Capital worries may linger over HSBC, analysts say

By Simon Kennedy

The global banking giant (UK:HSBA: news , chart , profile ) (HBC:
27.76, -7.04,
-20.2%) will raise the cash to both strengthen its capital ratios and allow it to make limited acquisitions in the event opportunities arise. It's also lowered its dividend payout after reporting a 70% drop in net profit for 2008 and said it's withdrawing from some of its U.S. lending operations. See full story.
But at the same time, the deficit in HSBC's available-for-sale reserves has soared to more than 21 billion pounds from about 7 billion pounds at the end of June.
Assets that are classified as available for sale are those that aren't held for immediate trading purposes, but also aren't expected to be held for the asset's entire lifetime.
In that way, the bank doesn't have to record a drop in the market price as a loss unless the asset is sold or the drop in value is deemed to be permanent.
"The key question around the stock will remain, despite the capital increase, whether the balance sheet is strong enough to get the bank through a difficult 2009," said Deutsche Bank analyst Jason Napier.
Previous analysis by Deutsche Bank suggests HSBC's capital ratios could potentially fall as much as three percentage points in 2009 due to impairments on bad loans and other risky assets.
At Keefe, Bruyette & Woods, analysts said the current deficit in the available-for-sale accounting line is equivalent to 1.9 percentage points of the existing capital ratios.

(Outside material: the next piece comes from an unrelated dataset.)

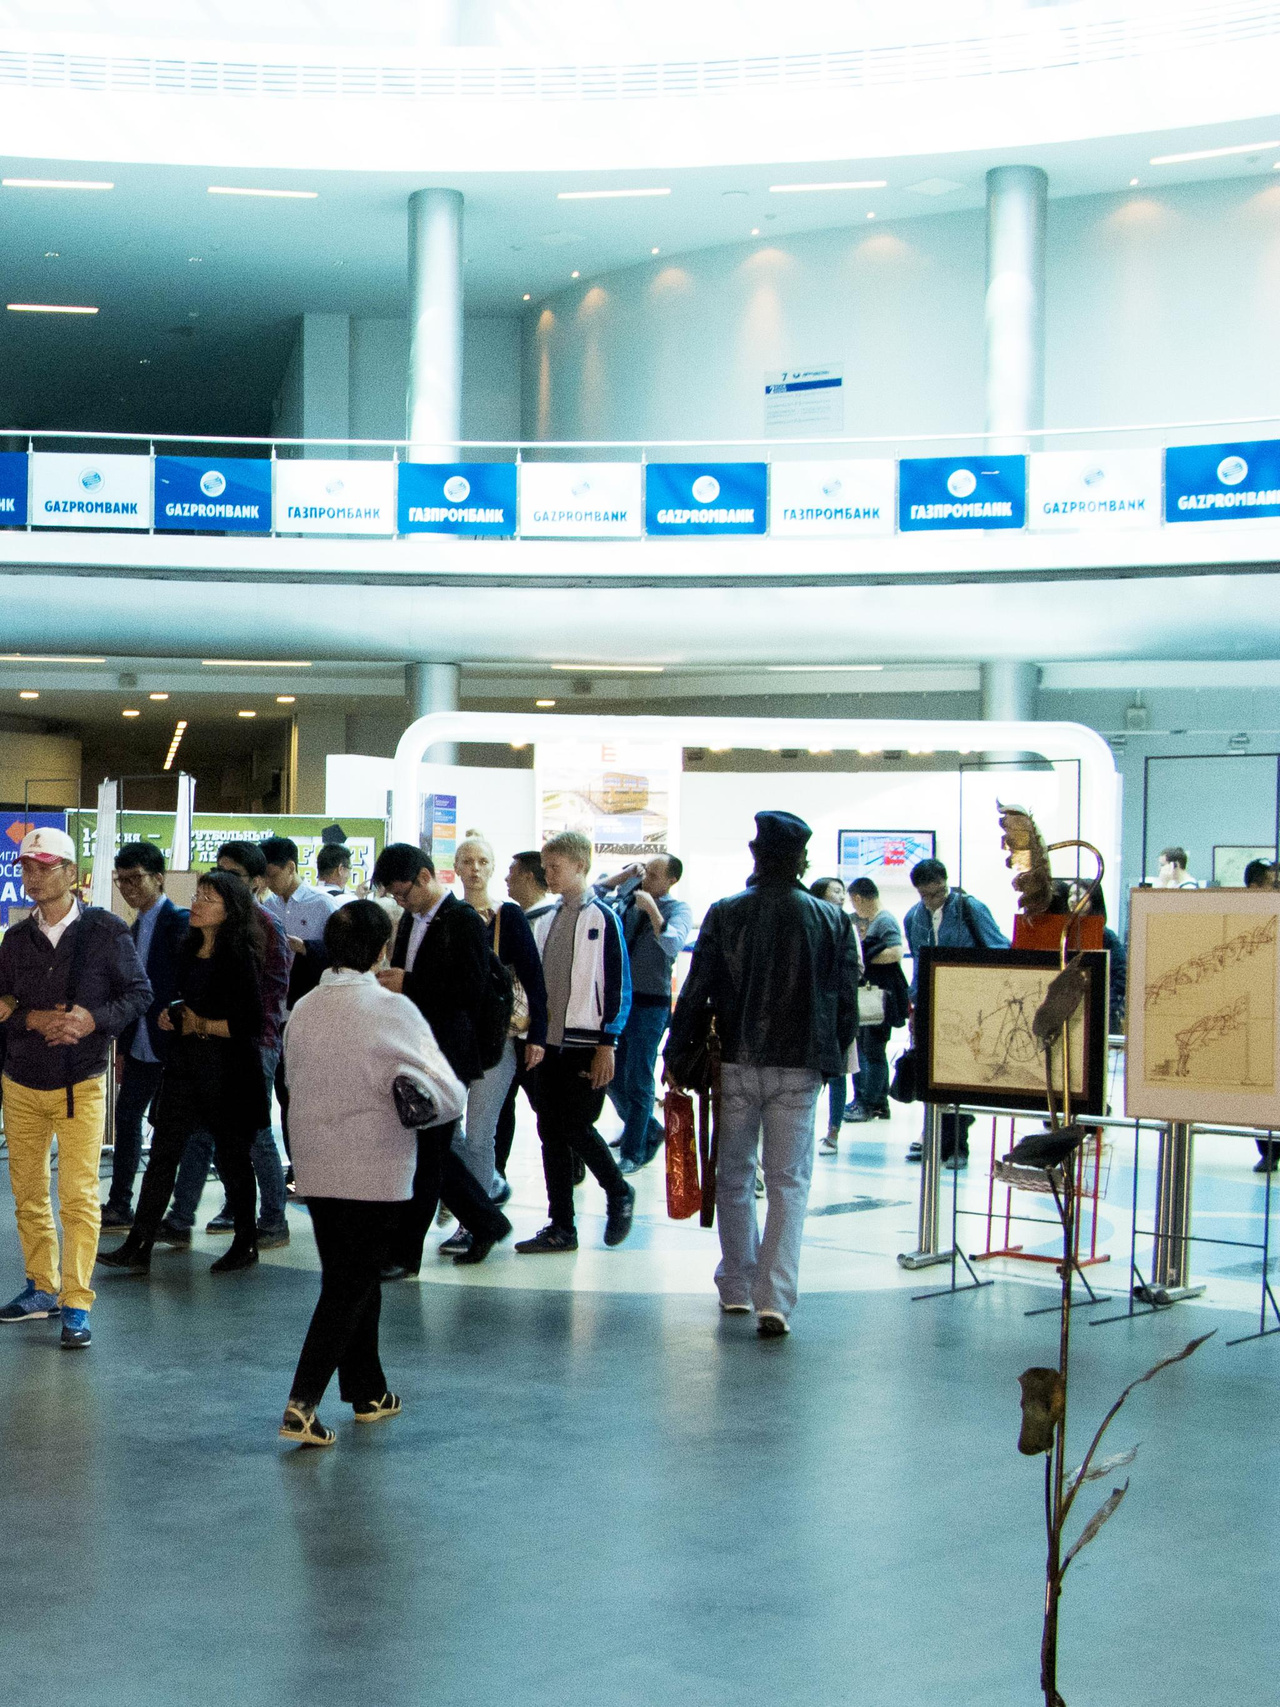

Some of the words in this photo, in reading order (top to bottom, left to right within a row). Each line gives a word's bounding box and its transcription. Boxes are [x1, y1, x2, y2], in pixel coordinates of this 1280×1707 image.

"We welcome the rights issue, but the increase in the [available-for-sale] reserve means that it will not put the capital debate to rest in our view," said KBW's Mark Phin.
Not all analysts were so negative. Celent analyst Cubillas Ding said that HSBC seems to have taken a quite conservative line with its reserves, and the intention of its announcements on Monday seems to be to help it draw a line under U.S. losses.
Douglas Flint, HSBC's finance director, said the bank's own stress tests indicate a possible risk in the range of $2 billion to $2.5 billion over the next two to three years and a "likely ultimate expected loss" of about a third of that figure.
Fearful of deeper losses
Separately, activist investment firm Knight Vinke Asset Management said HSBC could face a further $34 billion of losses if it were to write down to fair value all the subprime assets it holds.
Knight Vinke has been lobbying HSBC to shutter the U.S. lending operations -- the former Household International and Beneficial businesses -- since September 2007, potentially by just walking away and putting them in receivership. HSBC bought Household in 2003.
The possibility of further losses appears to be rising because of the deteriorating economy in the U.S., the asset manager said. It also called for assurances that the $17.7 billion being raised in the rights issue won't go to Household's lenders, saying they have no contractual legal recourse to HSBC.